*** EXTRACTED INFORMATION ***

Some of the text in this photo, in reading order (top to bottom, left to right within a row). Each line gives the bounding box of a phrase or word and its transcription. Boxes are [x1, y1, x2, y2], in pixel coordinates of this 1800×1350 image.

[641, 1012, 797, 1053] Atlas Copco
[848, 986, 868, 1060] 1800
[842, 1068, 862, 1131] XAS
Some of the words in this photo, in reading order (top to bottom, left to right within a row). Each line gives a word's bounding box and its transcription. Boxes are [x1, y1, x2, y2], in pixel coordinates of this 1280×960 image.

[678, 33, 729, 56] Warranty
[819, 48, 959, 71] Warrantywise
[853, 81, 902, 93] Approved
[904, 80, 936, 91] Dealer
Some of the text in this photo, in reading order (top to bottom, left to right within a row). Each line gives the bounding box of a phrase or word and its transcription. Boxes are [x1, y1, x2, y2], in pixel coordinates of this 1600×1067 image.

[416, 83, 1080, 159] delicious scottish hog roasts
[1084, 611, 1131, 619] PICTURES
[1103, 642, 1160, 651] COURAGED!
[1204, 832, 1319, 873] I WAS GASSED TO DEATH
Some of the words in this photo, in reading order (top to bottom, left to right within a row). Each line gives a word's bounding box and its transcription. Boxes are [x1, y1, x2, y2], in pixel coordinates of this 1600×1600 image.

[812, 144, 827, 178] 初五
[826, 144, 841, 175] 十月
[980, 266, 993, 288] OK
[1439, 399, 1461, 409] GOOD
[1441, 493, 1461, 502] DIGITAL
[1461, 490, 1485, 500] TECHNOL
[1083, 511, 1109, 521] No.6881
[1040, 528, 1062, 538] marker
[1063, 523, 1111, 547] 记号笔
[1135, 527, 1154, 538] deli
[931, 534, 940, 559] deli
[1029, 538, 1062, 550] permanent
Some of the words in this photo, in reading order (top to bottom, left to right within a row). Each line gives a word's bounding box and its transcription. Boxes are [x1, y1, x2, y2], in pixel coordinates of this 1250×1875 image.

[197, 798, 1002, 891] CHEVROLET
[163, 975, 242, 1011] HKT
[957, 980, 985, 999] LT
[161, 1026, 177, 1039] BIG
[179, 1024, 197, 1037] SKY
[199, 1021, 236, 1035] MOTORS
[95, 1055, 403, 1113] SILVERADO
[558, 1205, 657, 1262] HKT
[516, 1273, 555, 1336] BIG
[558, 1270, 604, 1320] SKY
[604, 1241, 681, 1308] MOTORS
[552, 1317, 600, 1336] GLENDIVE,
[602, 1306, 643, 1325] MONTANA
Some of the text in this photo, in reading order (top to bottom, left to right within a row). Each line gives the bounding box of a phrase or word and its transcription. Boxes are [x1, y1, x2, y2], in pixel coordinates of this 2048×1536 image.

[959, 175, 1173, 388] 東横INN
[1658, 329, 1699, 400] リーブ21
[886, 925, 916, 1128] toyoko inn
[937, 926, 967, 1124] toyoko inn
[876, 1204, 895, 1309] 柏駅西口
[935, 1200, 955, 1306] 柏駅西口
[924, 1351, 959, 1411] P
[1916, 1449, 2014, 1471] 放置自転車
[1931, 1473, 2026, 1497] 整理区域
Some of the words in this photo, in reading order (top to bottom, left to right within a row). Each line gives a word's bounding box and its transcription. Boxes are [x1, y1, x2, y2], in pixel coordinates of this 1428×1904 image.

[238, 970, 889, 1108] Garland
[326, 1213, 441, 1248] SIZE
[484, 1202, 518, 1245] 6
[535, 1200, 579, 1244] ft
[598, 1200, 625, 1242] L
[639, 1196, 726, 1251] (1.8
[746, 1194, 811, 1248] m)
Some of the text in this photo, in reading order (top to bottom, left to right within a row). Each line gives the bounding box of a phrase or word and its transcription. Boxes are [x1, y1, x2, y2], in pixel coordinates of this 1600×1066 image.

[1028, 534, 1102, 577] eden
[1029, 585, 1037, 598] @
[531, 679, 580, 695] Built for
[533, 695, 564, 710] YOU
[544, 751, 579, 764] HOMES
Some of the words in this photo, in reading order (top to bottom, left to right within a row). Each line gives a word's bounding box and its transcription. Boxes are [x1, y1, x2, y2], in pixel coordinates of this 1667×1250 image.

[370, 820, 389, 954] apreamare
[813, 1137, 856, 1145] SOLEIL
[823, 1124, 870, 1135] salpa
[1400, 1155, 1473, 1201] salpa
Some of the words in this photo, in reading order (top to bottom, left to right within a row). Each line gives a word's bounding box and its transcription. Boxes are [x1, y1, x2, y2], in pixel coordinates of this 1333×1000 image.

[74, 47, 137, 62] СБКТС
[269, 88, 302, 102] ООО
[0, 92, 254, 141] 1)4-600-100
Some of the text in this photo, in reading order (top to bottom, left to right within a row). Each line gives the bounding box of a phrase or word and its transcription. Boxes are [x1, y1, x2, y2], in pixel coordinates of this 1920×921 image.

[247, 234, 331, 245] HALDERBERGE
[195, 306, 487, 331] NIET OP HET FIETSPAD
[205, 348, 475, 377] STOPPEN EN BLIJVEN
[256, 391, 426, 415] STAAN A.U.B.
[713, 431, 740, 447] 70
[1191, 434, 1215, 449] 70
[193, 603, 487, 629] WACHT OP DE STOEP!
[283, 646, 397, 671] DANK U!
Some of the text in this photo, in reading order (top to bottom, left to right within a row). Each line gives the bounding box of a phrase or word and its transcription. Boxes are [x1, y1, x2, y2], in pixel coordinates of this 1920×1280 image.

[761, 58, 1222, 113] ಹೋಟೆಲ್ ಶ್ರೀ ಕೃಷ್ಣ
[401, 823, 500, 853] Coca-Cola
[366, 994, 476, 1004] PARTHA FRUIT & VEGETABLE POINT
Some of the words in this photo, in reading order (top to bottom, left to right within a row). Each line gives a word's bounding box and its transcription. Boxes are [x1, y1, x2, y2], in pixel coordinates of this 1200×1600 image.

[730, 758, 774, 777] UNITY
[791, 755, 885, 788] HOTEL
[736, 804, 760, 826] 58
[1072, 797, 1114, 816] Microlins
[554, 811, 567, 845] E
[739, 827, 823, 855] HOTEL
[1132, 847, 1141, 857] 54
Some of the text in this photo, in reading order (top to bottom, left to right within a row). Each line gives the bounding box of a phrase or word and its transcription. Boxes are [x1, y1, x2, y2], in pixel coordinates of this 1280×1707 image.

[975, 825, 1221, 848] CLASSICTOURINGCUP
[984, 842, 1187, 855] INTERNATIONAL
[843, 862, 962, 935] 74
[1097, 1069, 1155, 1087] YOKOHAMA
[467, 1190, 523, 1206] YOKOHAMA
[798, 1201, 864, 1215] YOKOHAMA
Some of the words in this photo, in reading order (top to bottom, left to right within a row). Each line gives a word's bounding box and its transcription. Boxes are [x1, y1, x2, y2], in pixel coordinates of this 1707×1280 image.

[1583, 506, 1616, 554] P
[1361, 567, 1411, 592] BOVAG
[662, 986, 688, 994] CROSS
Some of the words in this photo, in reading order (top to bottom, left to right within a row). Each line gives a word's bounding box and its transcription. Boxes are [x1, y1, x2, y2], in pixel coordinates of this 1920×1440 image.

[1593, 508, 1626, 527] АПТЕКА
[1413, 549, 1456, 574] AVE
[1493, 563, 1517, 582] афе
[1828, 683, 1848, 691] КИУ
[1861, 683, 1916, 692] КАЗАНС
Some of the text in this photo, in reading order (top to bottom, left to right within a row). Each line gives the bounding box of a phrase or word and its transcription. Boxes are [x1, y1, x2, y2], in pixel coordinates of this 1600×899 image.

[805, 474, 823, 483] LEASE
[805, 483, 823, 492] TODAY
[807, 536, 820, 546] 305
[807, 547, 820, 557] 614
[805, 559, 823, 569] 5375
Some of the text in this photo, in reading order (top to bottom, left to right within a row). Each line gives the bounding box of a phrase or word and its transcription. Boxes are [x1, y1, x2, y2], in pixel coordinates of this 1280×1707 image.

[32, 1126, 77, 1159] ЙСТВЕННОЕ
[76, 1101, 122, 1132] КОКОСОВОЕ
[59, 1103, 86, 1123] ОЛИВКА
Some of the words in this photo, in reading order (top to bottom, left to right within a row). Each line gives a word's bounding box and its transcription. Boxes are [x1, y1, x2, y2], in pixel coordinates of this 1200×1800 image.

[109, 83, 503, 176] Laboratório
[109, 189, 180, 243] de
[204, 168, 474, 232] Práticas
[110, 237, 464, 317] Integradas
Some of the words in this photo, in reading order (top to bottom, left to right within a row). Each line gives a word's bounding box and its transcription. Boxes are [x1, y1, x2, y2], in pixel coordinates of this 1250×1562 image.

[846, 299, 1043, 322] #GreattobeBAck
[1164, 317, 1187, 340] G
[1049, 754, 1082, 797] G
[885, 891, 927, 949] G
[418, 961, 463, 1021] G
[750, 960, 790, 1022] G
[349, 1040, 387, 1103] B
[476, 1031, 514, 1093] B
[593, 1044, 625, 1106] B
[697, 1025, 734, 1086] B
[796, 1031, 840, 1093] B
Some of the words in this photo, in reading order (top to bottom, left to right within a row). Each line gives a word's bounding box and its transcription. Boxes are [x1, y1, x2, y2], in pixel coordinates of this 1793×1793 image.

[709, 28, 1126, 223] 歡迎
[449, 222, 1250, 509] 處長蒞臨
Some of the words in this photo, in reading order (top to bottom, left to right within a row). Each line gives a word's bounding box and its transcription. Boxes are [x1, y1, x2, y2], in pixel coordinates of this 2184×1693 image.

*** End of EXTRACTED INFORMATION ***

-- EXERCISE AIM --
All lines from the one containing "this 1793×1793 image." through the end of the data, and no others, are to be given again word for word.

-- EXERCISE OUTPUT --
Some of the words in this photo, in reading order (top to bottom, left to right within a row). Each line gives a word's bounding box and its transcription. Boxes are [x1, y1, x2, y2], in pixel coordinates of this 1793×1793 image.

[709, 28, 1126, 223] 歡迎
[449, 222, 1250, 509] 處長蒞臨
Some of the words in this photo, in reading order (top to bottom, left to right within a row). Each line gives a word's bounding box and its transcription. Boxes are [x1, y1, x2, y2], in pixel coordinates of this 2184×1693 image.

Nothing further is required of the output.